◆ **WHAT THIS TASK INVOLVES**: Word for word, the data below must be repeated in full; no picture is to be included.
┄┄┄┄┄┄┄┄┄┄┄┄┄┄┄┄┄┄┄┄
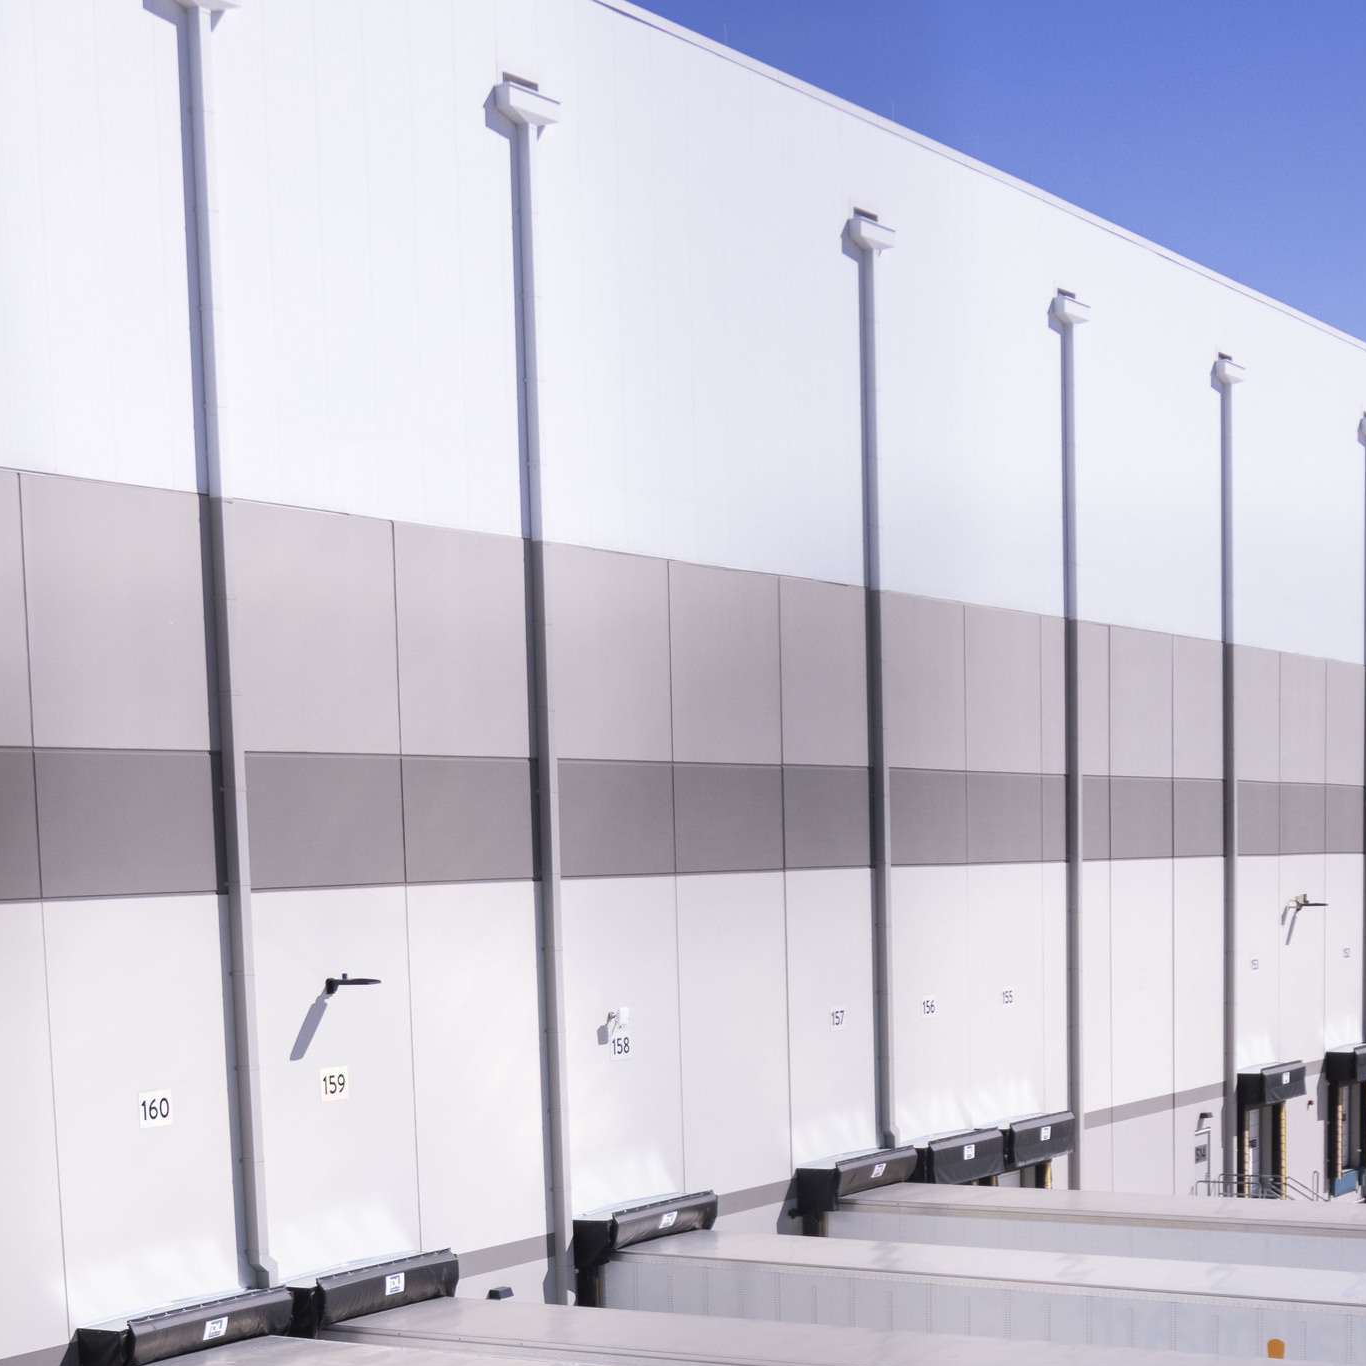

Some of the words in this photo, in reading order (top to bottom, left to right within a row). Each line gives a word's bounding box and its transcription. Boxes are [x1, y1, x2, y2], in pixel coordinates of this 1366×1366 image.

[1002, 990, 1013, 1004] 155
[923, 1000, 935, 1014] 156
[831, 1010, 844, 1026] 157
[611, 1036, 629, 1055] 158
[322, 1073, 346, 1095] 159
[140, 1097, 170, 1121] 160
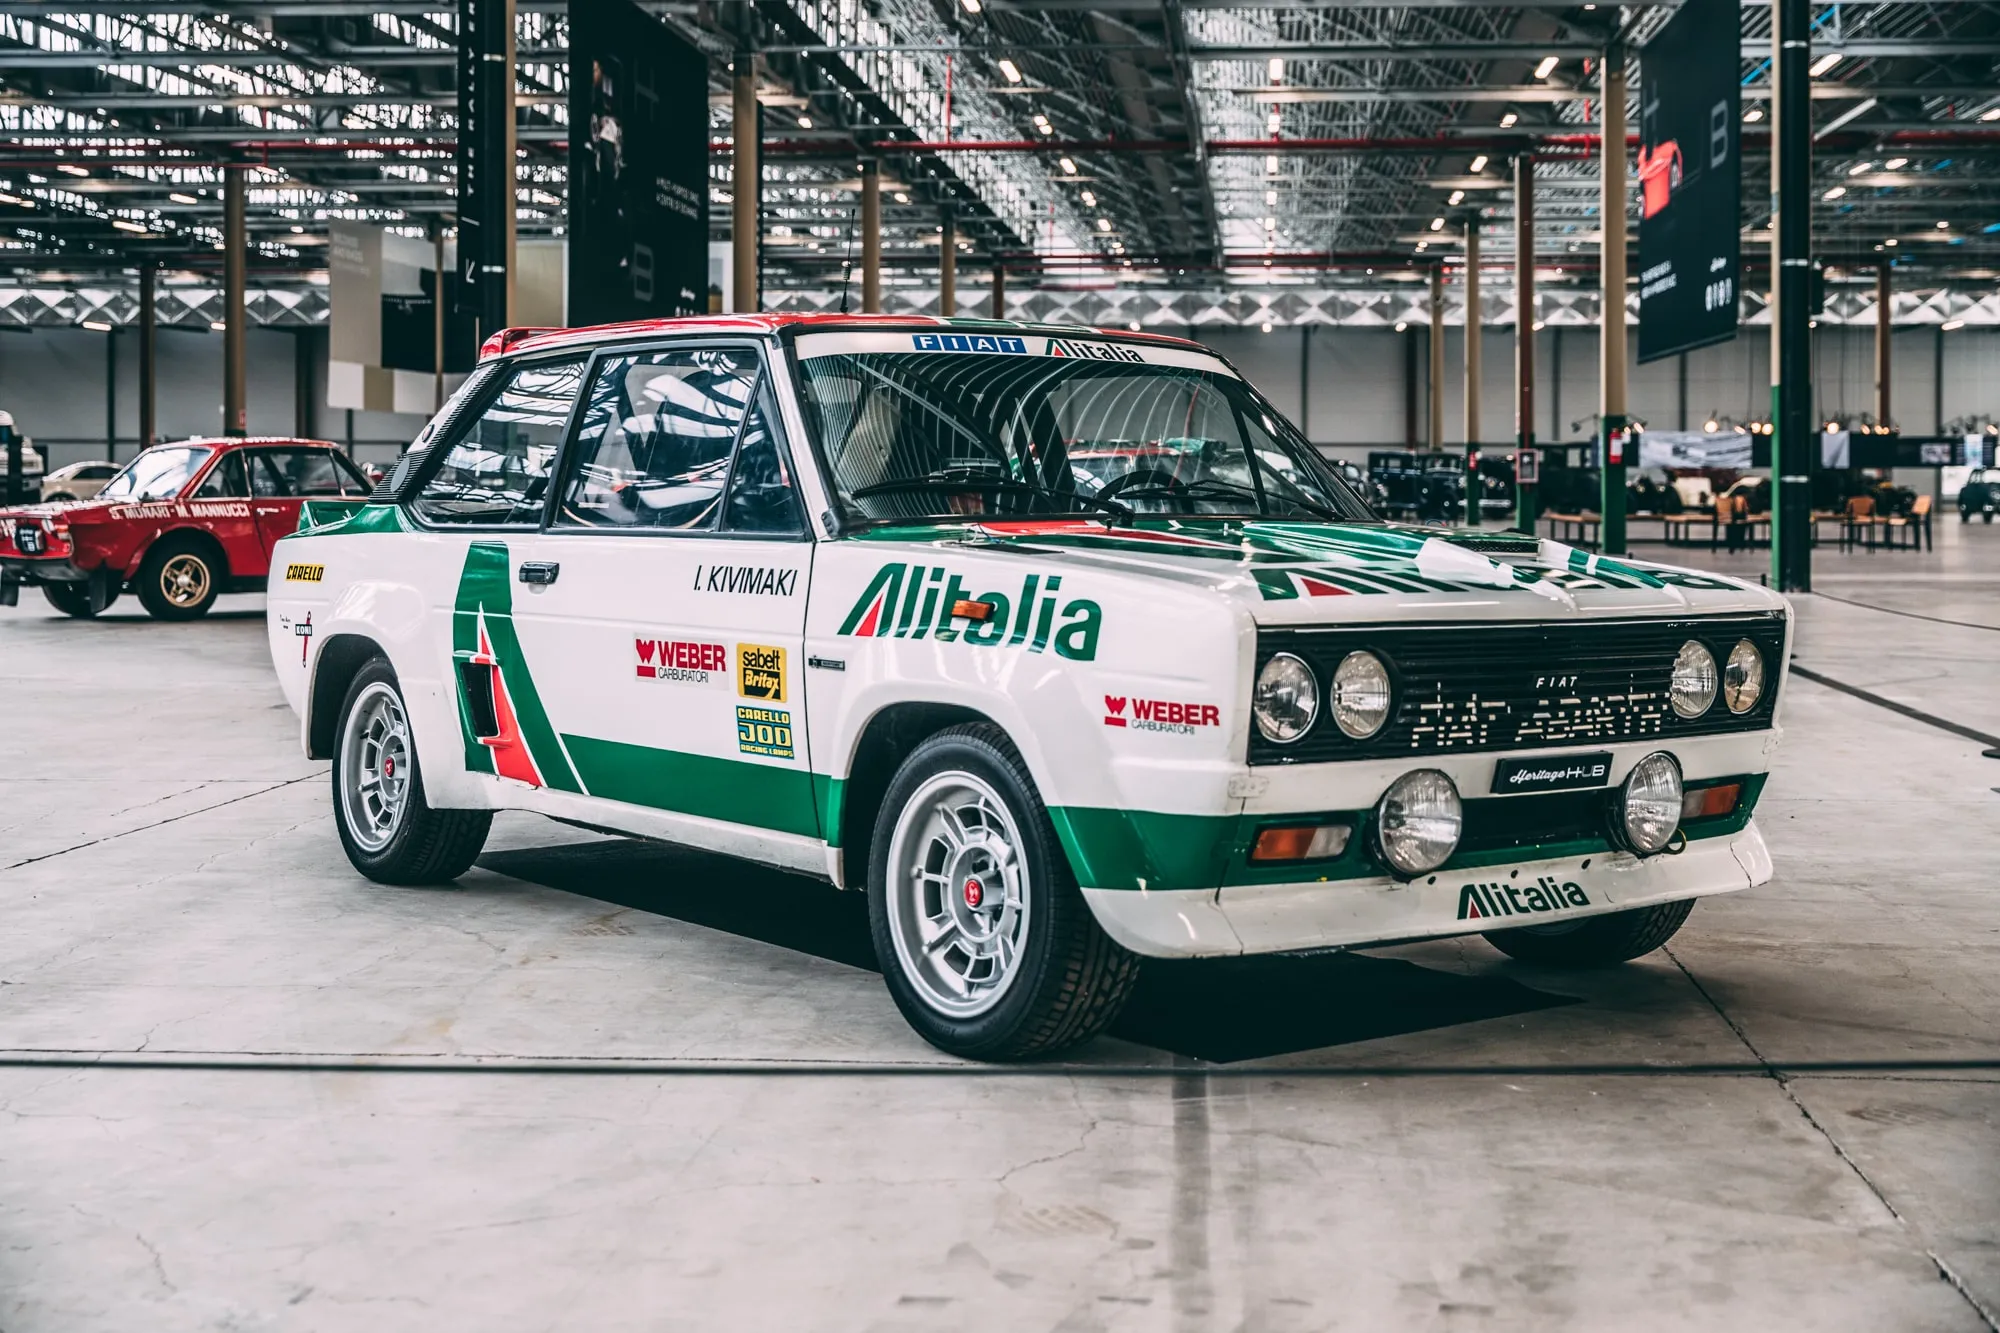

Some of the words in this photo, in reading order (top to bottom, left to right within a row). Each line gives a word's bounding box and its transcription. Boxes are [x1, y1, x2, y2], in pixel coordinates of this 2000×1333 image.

[917, 335, 1022, 352] FIAT
[1046, 338, 1145, 363] Alitalia
[125, 505, 170, 520] MUNARI
[192, 503, 250, 518] MANNUCCI
[286, 565, 325, 582] CARELLO
[707, 565, 799, 597] KIVIMAKI
[837, 562, 1103, 662] Alitalia
[296, 625, 312, 635] KONI
[657, 640, 727, 672] WEBER
[743, 648, 781, 671] sabelt
[658, 666, 709, 684] CARBURATORI
[744, 669, 781, 692] Britax
[1536, 675, 1578, 689] FIAT
[737, 707, 790, 725] CARELLO
[1131, 698, 1220, 727] WEBER
[1131, 718, 1196, 736] CARBURATORI
[1509, 768, 1566, 785] Heritage
[1566, 764, 1606, 780] HUB
[1457, 876, 1591, 920] Alitalia
┄┄┄┄┄┄┄┄┄┄┄┄┄┄┄┄┄┄┄┄
◆ **ANSWER AREA**:
Some of the words in this photo, in reading order (top to bottom, left to right within a row). Each line gives a word's bounding box and its transcription. Boxes are [x1, y1, x2, y2], in pixel coordinates of this 1366×1366 image.

[1002, 990, 1013, 1004] 155
[923, 1000, 935, 1014] 156
[831, 1010, 844, 1026] 157
[611, 1036, 629, 1055] 158
[322, 1073, 346, 1095] 159
[140, 1097, 170, 1121] 160

Some of the words in this photo, in reading order (top to bottom, left to right within a row). Each line gives a word's bounding box and its transcription. Boxes are [x1, y1, x2, y2], in pixel coordinates of this 2000×1333 image.

[917, 335, 1022, 352] FIAT
[1046, 338, 1145, 363] Alitalia
[125, 505, 170, 520] MUNARI
[192, 503, 250, 518] MANNUCCI
[286, 565, 325, 582] CARELLO
[707, 565, 799, 597] KIVIMAKI
[837, 562, 1103, 662] Alitalia
[296, 625, 312, 635] KONI
[657, 640, 727, 672] WEBER
[743, 648, 781, 671] sabelt
[658, 666, 709, 684] CARBURATORI
[744, 669, 781, 692] Britax
[1536, 675, 1578, 689] FIAT
[737, 707, 790, 725] CARELLO
[1131, 698, 1220, 727] WEBER
[1131, 718, 1196, 736] CARBURATORI
[1509, 768, 1566, 785] Heritage
[1566, 764, 1606, 780] HUB
[1457, 876, 1591, 920] Alitalia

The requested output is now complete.